### Exercise requirements:
Only the pictures are to be dropped; the rest of the data below is to be duplicated exactly.

### Data in this exercise:
Start of Block
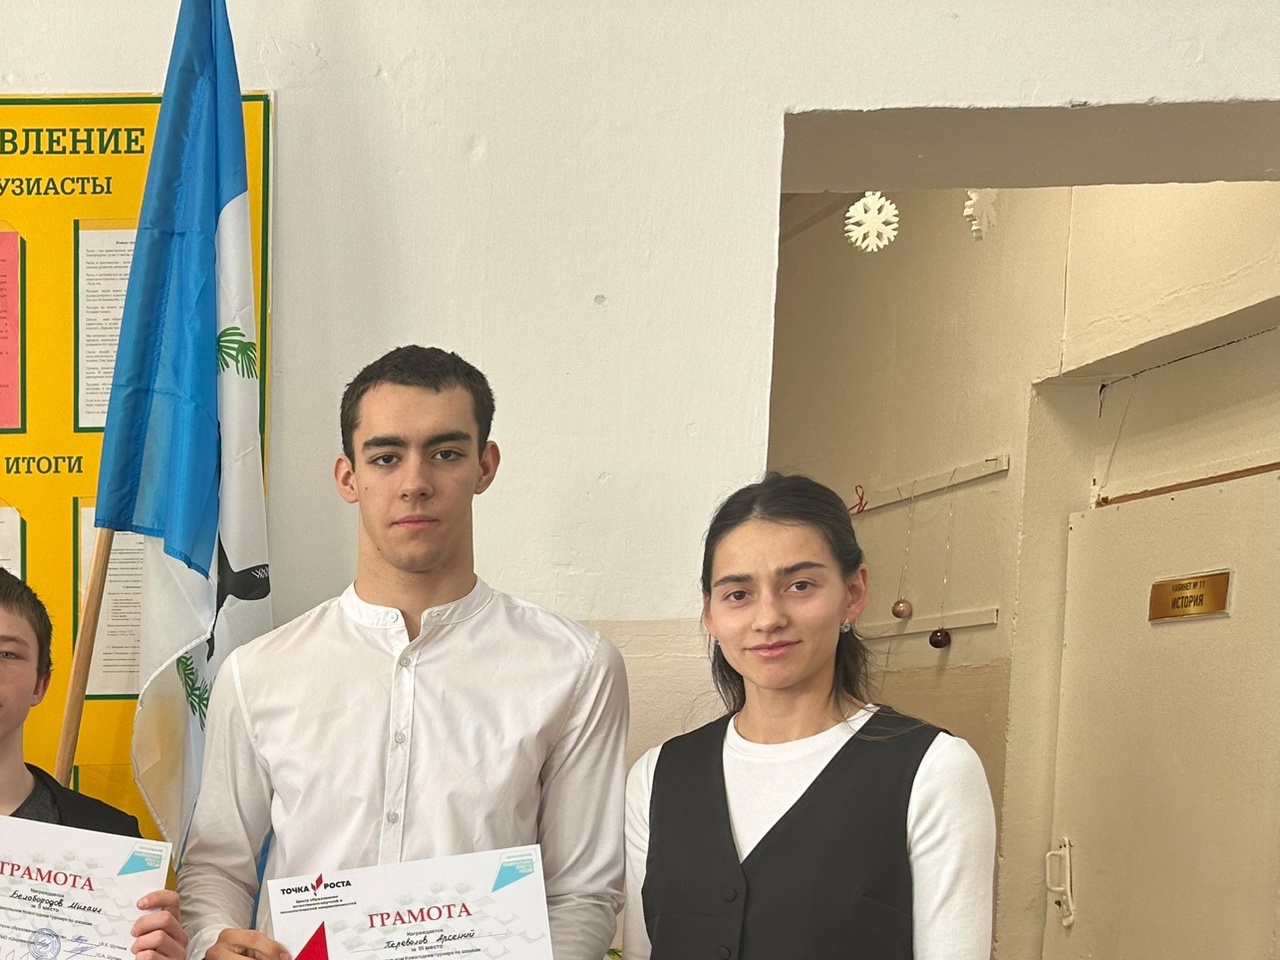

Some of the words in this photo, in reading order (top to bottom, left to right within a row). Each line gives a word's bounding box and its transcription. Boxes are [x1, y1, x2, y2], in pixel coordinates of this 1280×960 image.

[4, 456, 83, 474] ИТОГИ
[1171, 593, 1204, 610] ИСТОРИЯ
[280, 885, 310, 895] ТОЧКА
[324, 880, 352, 889] РОСТА
[368, 902, 472, 928] ГРАМОТА
[436, 929, 475, 943] Арсений
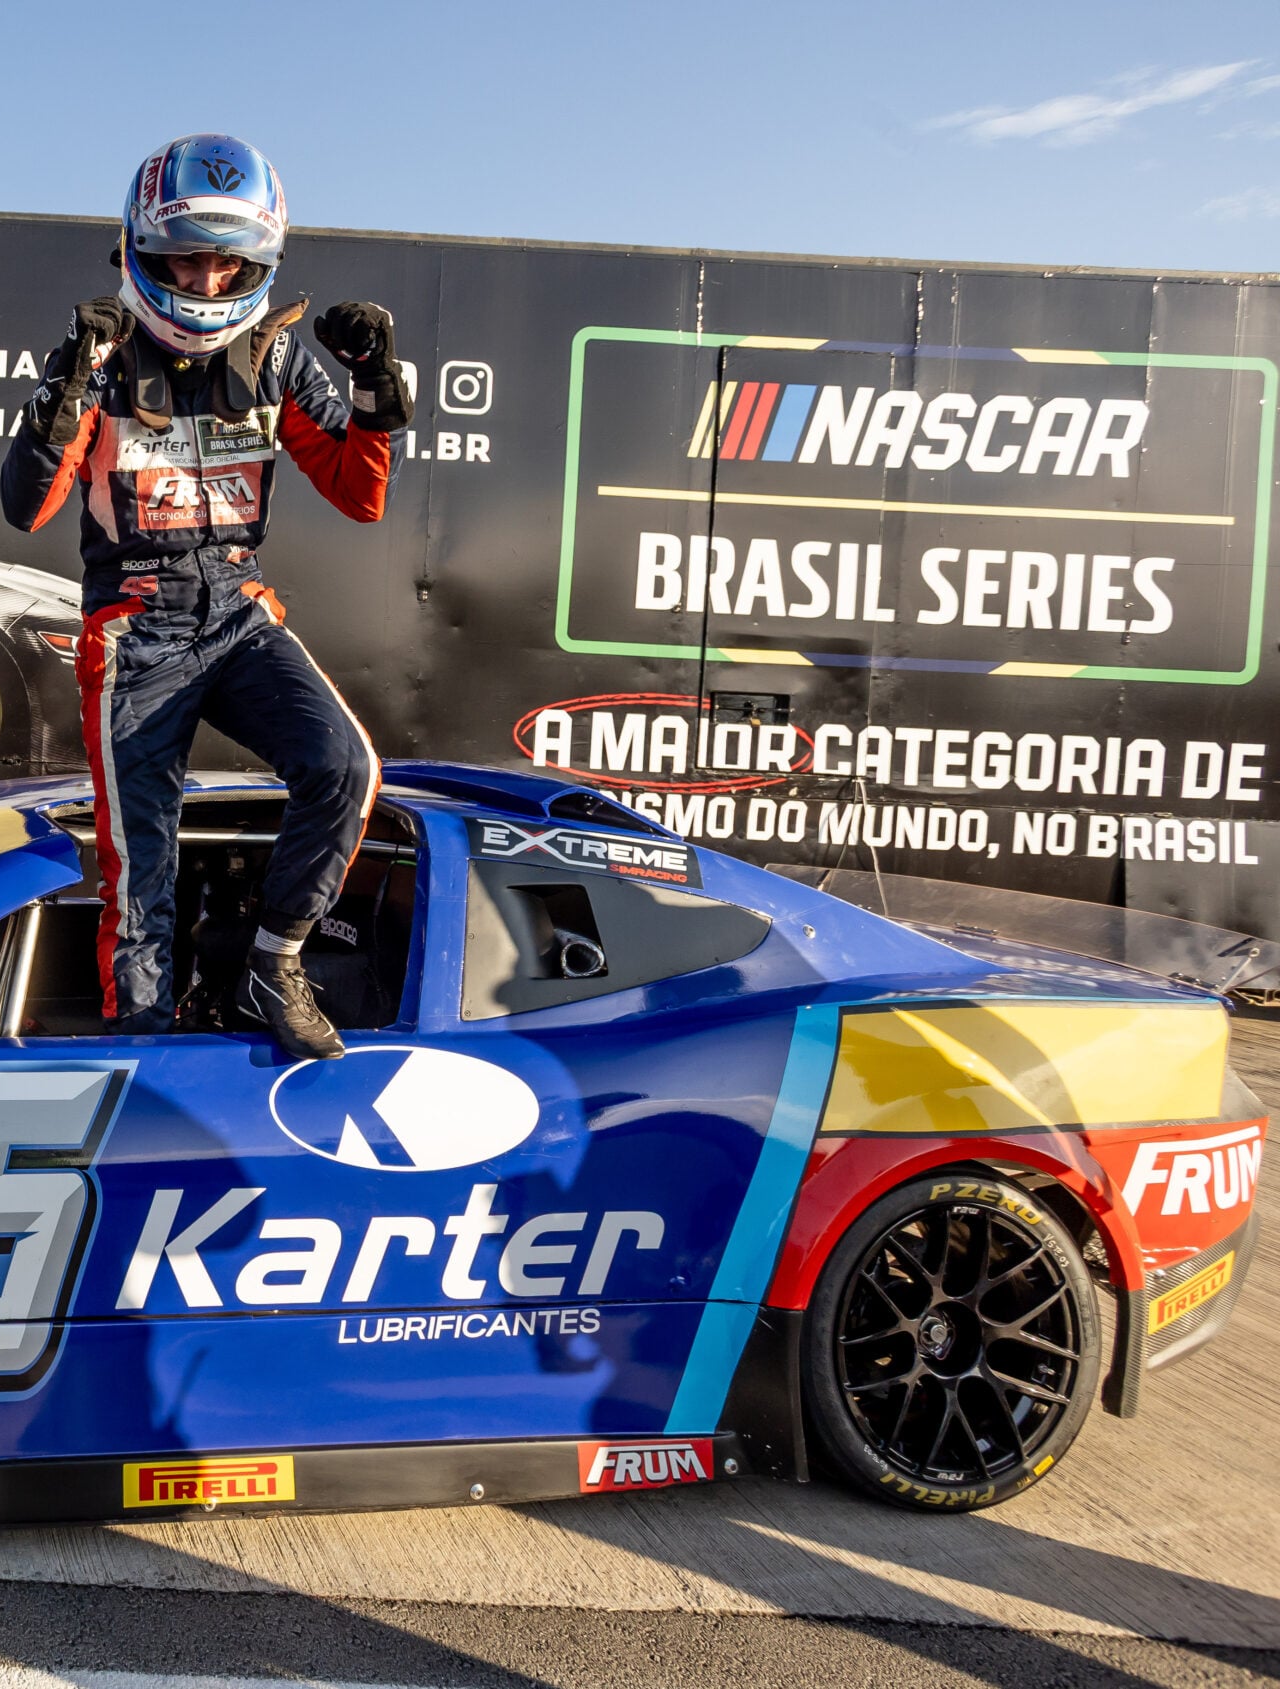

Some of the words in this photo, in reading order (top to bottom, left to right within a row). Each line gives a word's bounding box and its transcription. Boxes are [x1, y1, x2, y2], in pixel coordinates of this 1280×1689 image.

[155, 201, 191, 221] FRUM
[210, 440, 236, 450] BRASIL
[798, 384, 1150, 479] NASCAR
[147, 472, 255, 509] FRUM
[634, 531, 896, 623] BRASIL
[917, 546, 1176, 634] SERIES
[533, 709, 573, 768] A
[589, 711, 797, 774] MAIOR
[812, 722, 1166, 797] CATEGORIA
[1181, 740, 1267, 801] DE
[477, 818, 688, 872] EXTREME
[747, 797, 807, 843] DO
[819, 803, 1000, 859] MUNDO,
[1013, 811, 1077, 856] NO
[1087, 815, 1259, 865] BRASIL
[609, 863, 688, 884] SIMRACING
[320, 917, 358, 946] sparco
[930, 1183, 951, 1200] P
[954, 1183, 1043, 1225] ZERO
[115, 1184, 665, 1310] Karter
[1157, 1260, 1227, 1326] PIRELLI
[338, 1308, 601, 1345] LUBRIFICANTES
[139, 1462, 278, 1501] PIRELLI
[587, 1441, 705, 1485] FRUM
[879, 1472, 995, 1506] PIRELLI
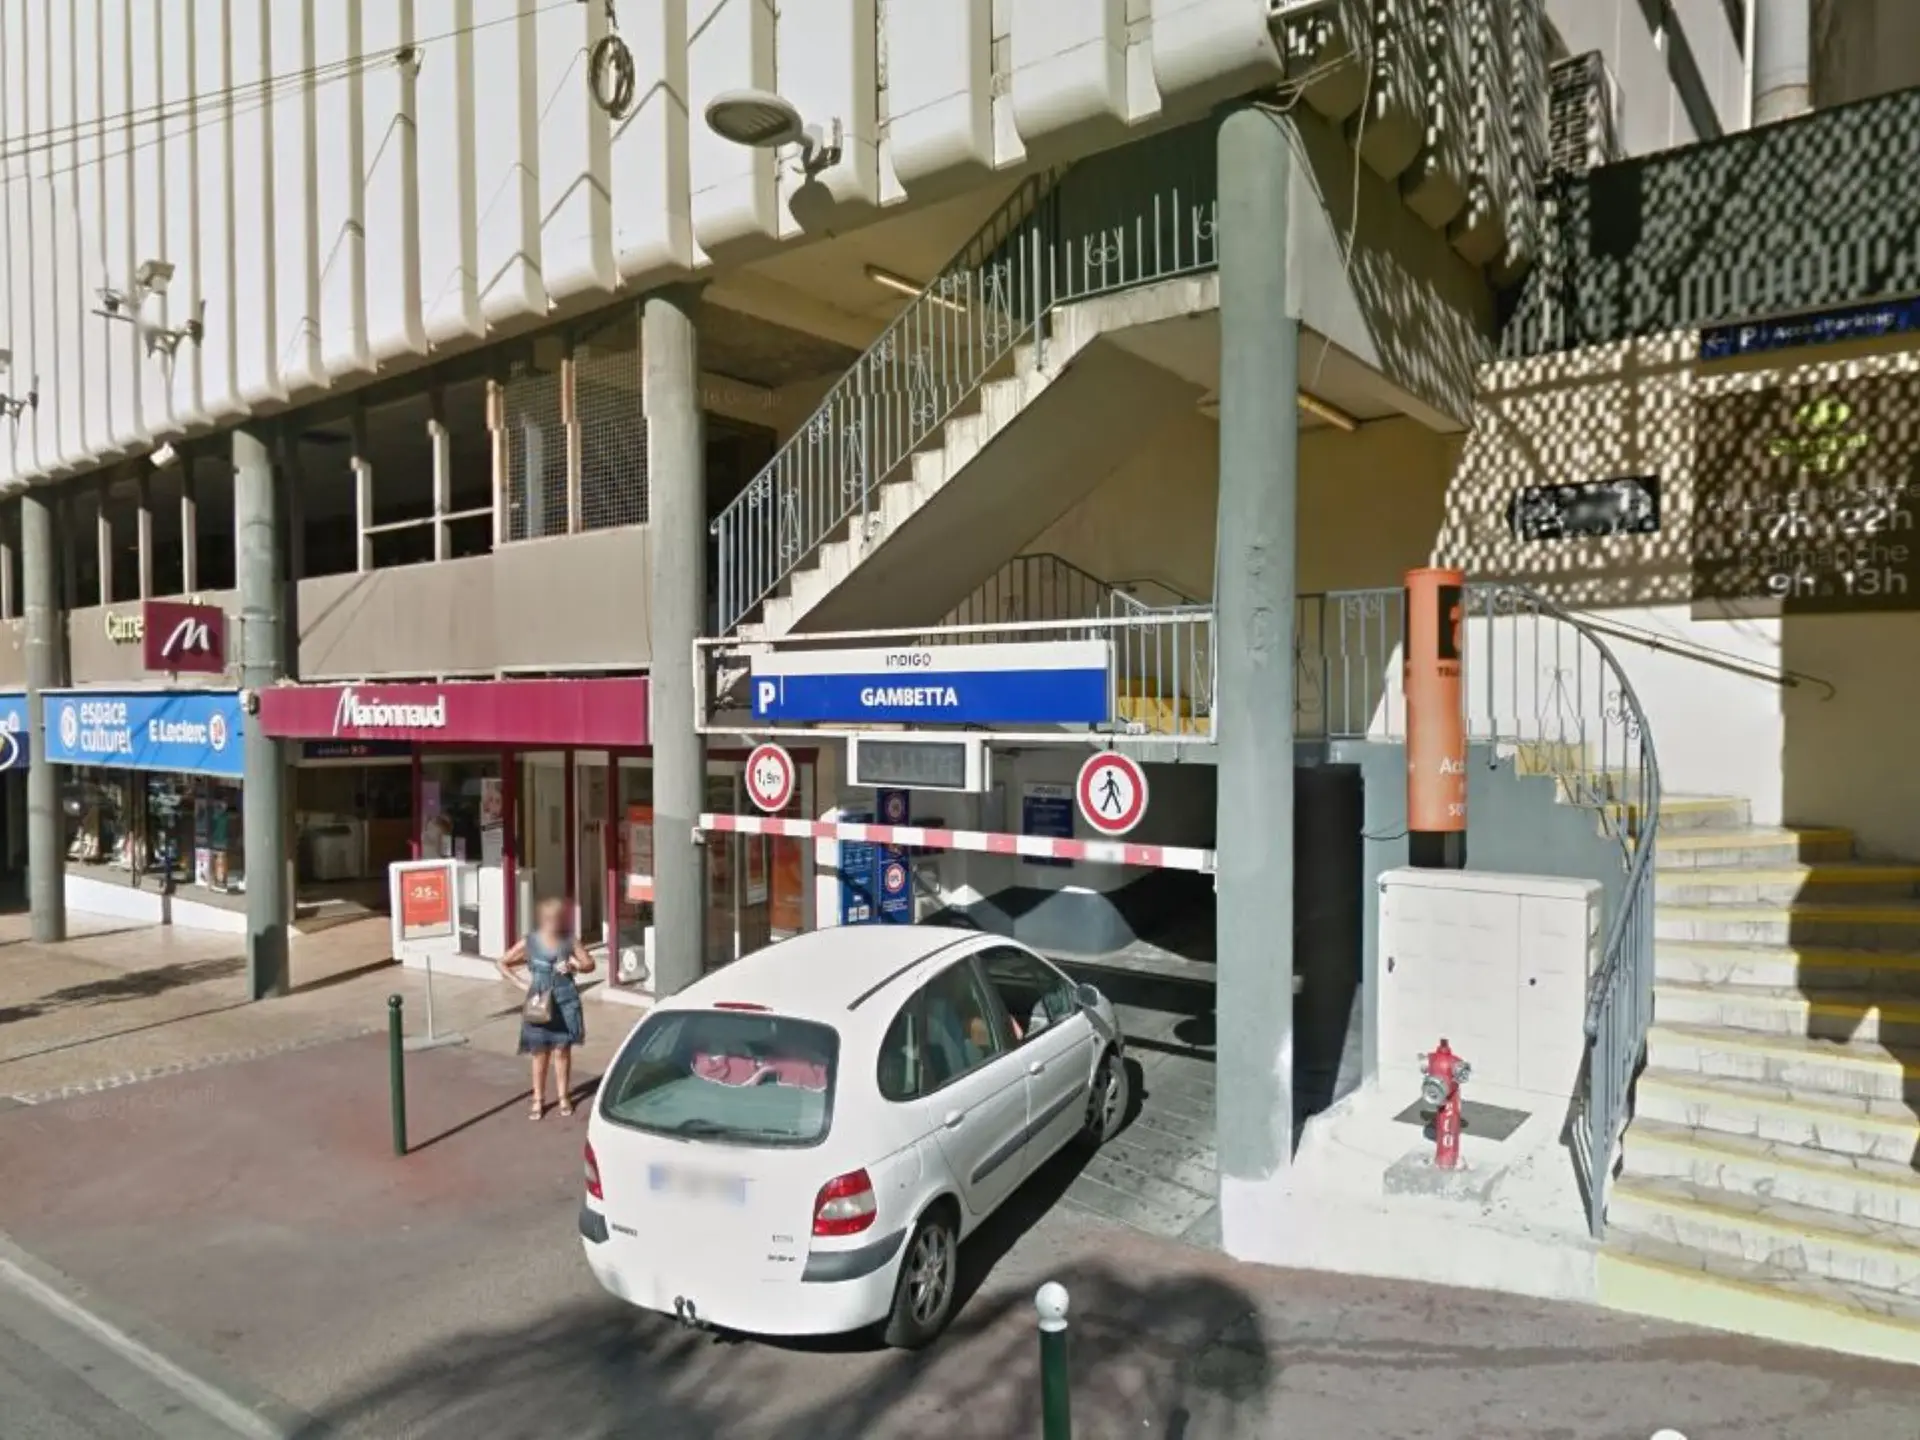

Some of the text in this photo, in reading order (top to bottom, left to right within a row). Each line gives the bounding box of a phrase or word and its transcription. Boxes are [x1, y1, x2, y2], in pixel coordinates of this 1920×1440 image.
End of Block
### Result of this exercise:
Some of the words in this photo, in reading order (top to bottom, left to right within a row). Each line gives a word's bounding box and its transcription. Boxes are [x1, y1, x2, y2], in pixel coordinates of this 1280×960 image.

[4, 456, 83, 474] ИТОГИ
[1171, 593, 1204, 610] ИСТОРИЯ
[280, 885, 310, 895] ТОЧКА
[324, 880, 352, 889] РОСТА
[368, 902, 472, 928] ГРАМОТА
[436, 929, 475, 943] Арсений

Some of the words in this photo, in reading order (top to bottom, left to right within a row). Each line gives a word's bounding box and its transcription. Boxes are [x1, y1, x2, y2], in pixel coordinates of this 1280×1689 image.

[155, 201, 191, 221] FRUM
[210, 440, 236, 450] BRASIL
[798, 384, 1150, 479] NASCAR
[147, 472, 255, 509] FRUM
[634, 531, 896, 623] BRASIL
[917, 546, 1176, 634] SERIES
[533, 709, 573, 768] A
[589, 711, 797, 774] MAIOR
[812, 722, 1166, 797] CATEGORIA
[1181, 740, 1267, 801] DE
[477, 818, 688, 872] EXTREME
[747, 797, 807, 843] DO
[819, 803, 1000, 859] MUNDO,
[1013, 811, 1077, 856] NO
[1087, 815, 1259, 865] BRASIL
[609, 863, 688, 884] SIMRACING
[320, 917, 358, 946] sparco
[930, 1183, 951, 1200] P
[954, 1183, 1043, 1225] ZERO
[115, 1184, 665, 1310] Karter
[1157, 1260, 1227, 1326] PIRELLI
[338, 1308, 601, 1345] LUBRIFICANTES
[139, 1462, 278, 1501] PIRELLI
[587, 1441, 705, 1485] FRUM
[879, 1472, 995, 1506] PIRELLI

Some of the text in this photo, in reading order (top to bottom, left to right within a row). Each line gives the bounding box of a phrase or word and its transcription. Boxes are [x1, y1, x2, y2], in pixel coordinates of this 1920×1440 image.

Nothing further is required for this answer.